Other neighbours said the building is maintained, with members
planting flowers in the boxes in the spring, decorating with lights at
Christmas and handing out candy at Halloween.
Perhaps the strongest memory lawyer Harry Kopyto has of the Eastern
Ave. clubhouse is a photo under the phone on the wall. "I saw a
picture of a rat with a knife through his body underneath the
telephone," said the since-disbarred lawyer yesterday.
When Kopyto visited the cinder-block bunker, it belonged to the
Para-Dice Riders, one of the local clubs that folded into the Hells
Angels in December 2000. "It was immaculate, very clean, gleaming,"
Kopyto recalled. "It was like a well-appointed den."
Lalonde said in a telephone interview he has been in plenty of biker
clubhouses, and they're all pretty much the same, with a bar,
television room and party room. There's a place for bikers from other
club chapters to visit, but there's no place for entertaining spouses,
Lalonde said. "No wives, for sure."
There's also a strict understanding that whatever happens in the
clubhouse, stays in the clubhouse.
"It's pretty much the same everywhere," said Lalonde, who belonged to
the Dark Circle, a group of hit men connected to the Alliance, a group
of independent drug dealers who were at war with the Hells Angels in
Quebec in the late 1990s and early 2000s.

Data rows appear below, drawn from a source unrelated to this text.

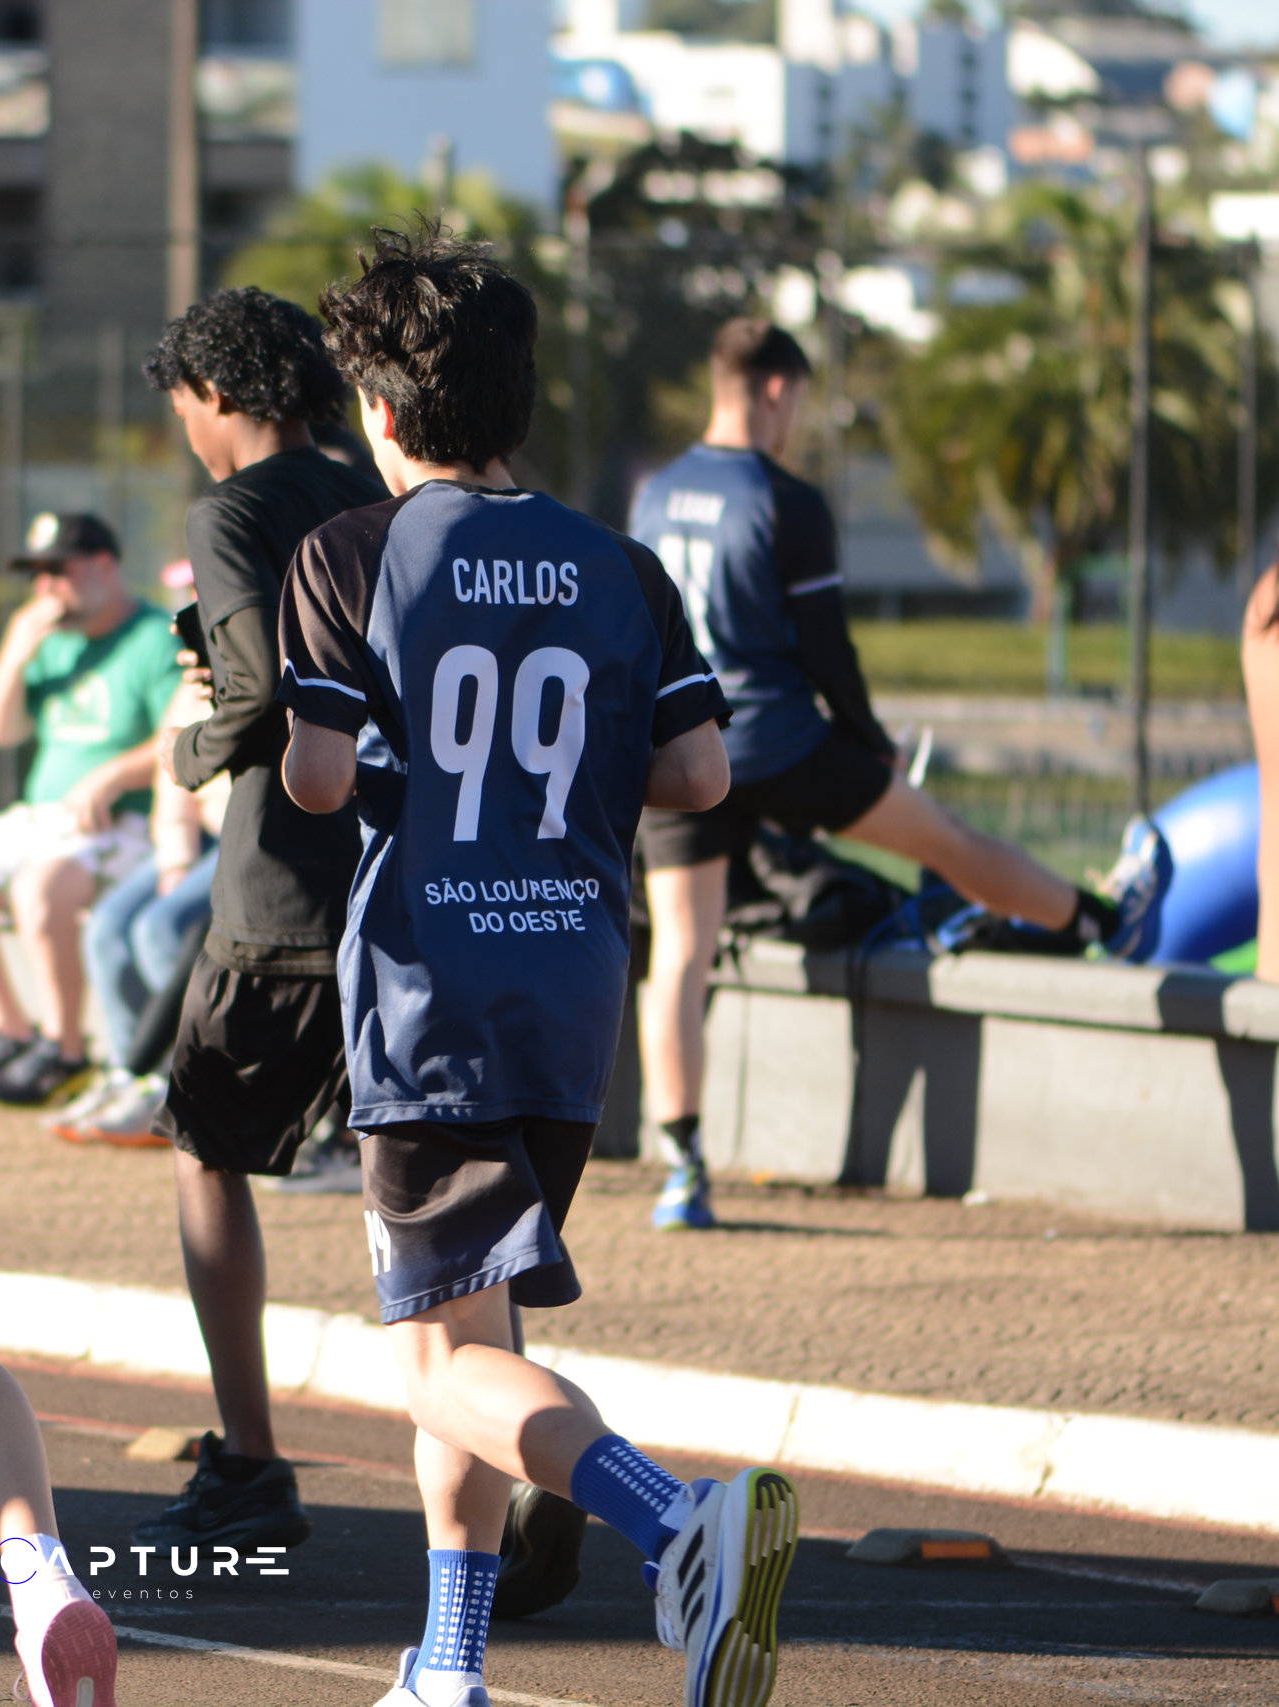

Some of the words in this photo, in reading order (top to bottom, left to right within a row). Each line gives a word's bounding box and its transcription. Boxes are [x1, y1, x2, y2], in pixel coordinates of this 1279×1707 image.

[452, 557, 579, 607] CARLOS
[429, 644, 591, 842] 99
[425, 877, 477, 905] SÃO
[480, 878, 600, 905] LOURENÇO
[469, 911, 504, 933] DO
[509, 909, 586, 932] OESTE
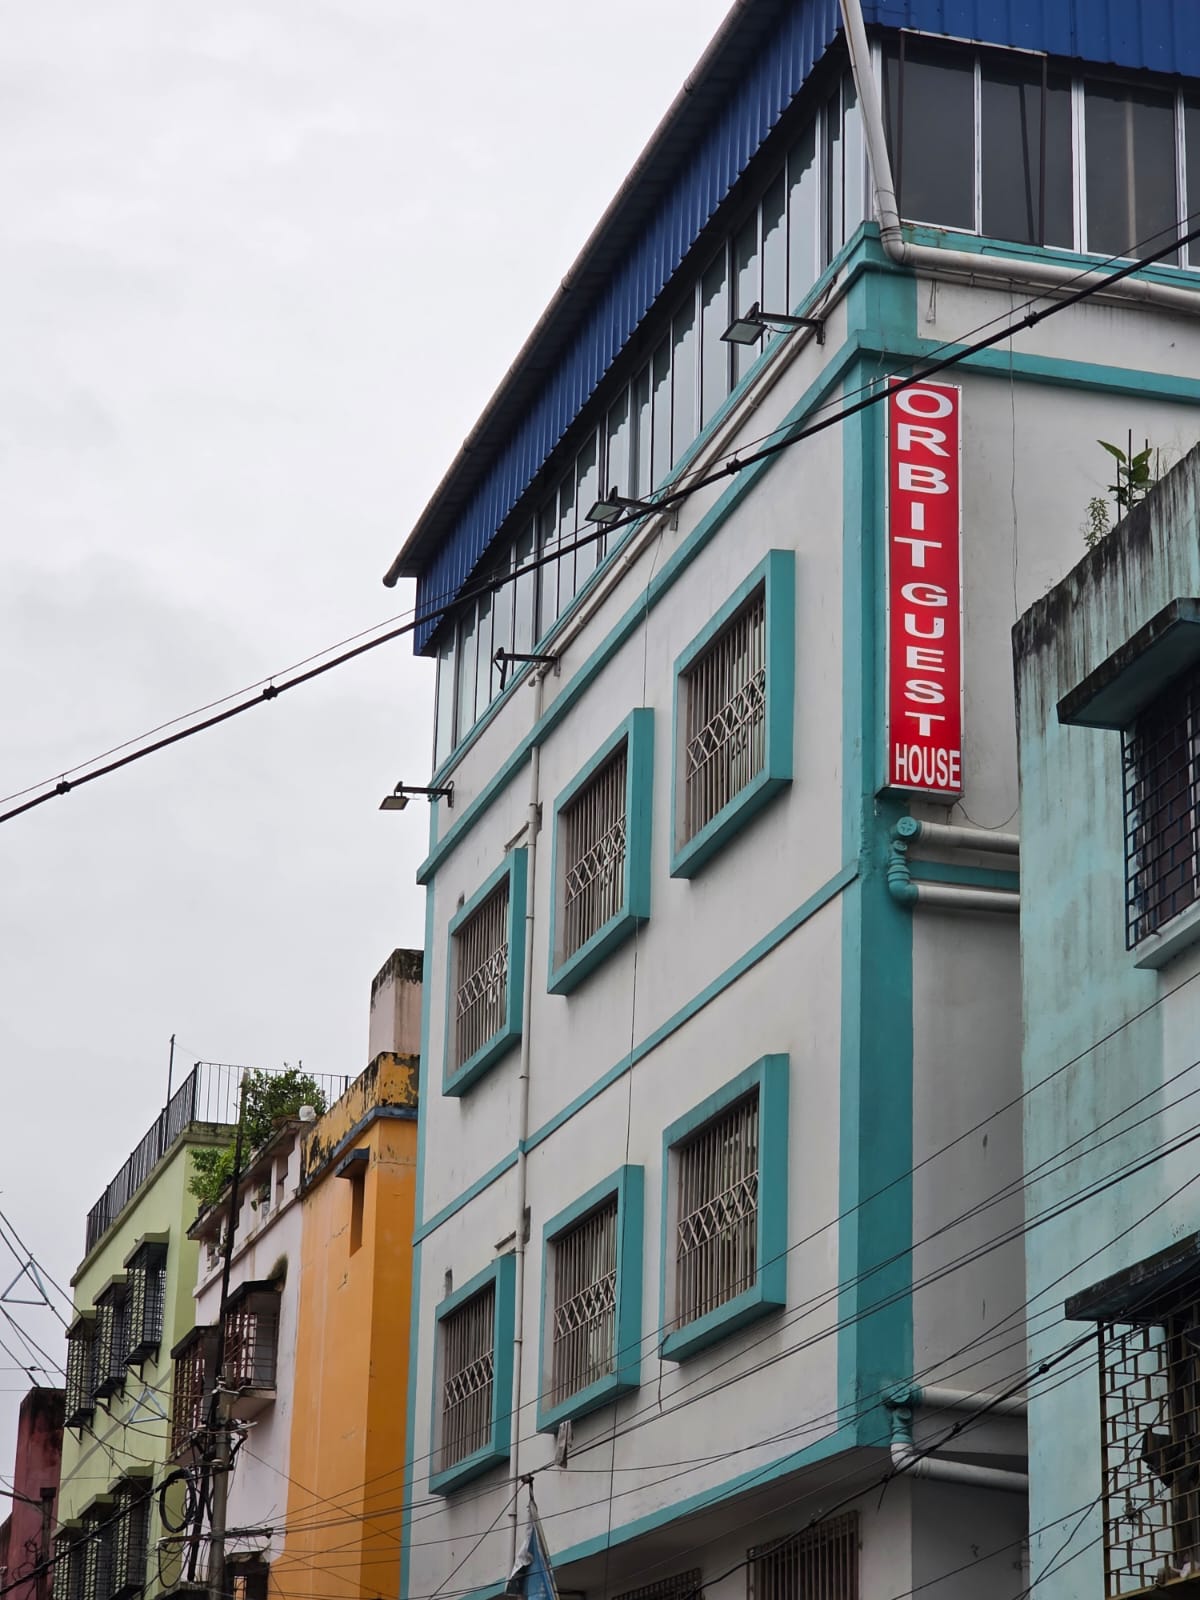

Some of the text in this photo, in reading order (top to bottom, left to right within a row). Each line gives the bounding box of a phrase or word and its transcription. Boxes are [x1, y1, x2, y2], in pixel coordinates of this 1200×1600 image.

[894, 388, 954, 737] ORBIT GUEST
[895, 742, 961, 788] HOUSE

Lalonde, who's now in a witness protection program, said he shot --
but didn't kill -- two Angels, and had plans to kill a couple more
before he began to co-operate with police.
He said some clubhouses have computers, and one had a "Canada's Most
Wanted List," of people whom the club wanted killed.

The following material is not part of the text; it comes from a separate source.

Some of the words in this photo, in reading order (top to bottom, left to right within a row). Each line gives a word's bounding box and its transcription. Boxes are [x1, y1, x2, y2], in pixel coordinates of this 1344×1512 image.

There's precious little art in clubhouses. "I would say that they were
artistically committed to minimalism," Kopyto said. "There was nothing
to distract your attention."
There's also little to read beyond Playboy, Penthouse and perhaps a
daily newspaper. Clubhouses are also invariably clean, kept that way
by prospects who hope to attain full-member status.
While they're unremarkable buildings, Lalonde said he felt extremely
powerful the day he was allowed inside a clubhouse for the first time.
"I thought I was getting close to the big boys. When they let you in,
you know you're part of the group."
He said he's sure the Hells Angels will quickly build new clubhouses
and have no problem filling them.
"It's intimidation," Lalonde said.
"Everybody knows the Hells Angels are there ... Then it's (their)
territory ... They're going to get a new bunker and roll and roll and
roll. It'll never end."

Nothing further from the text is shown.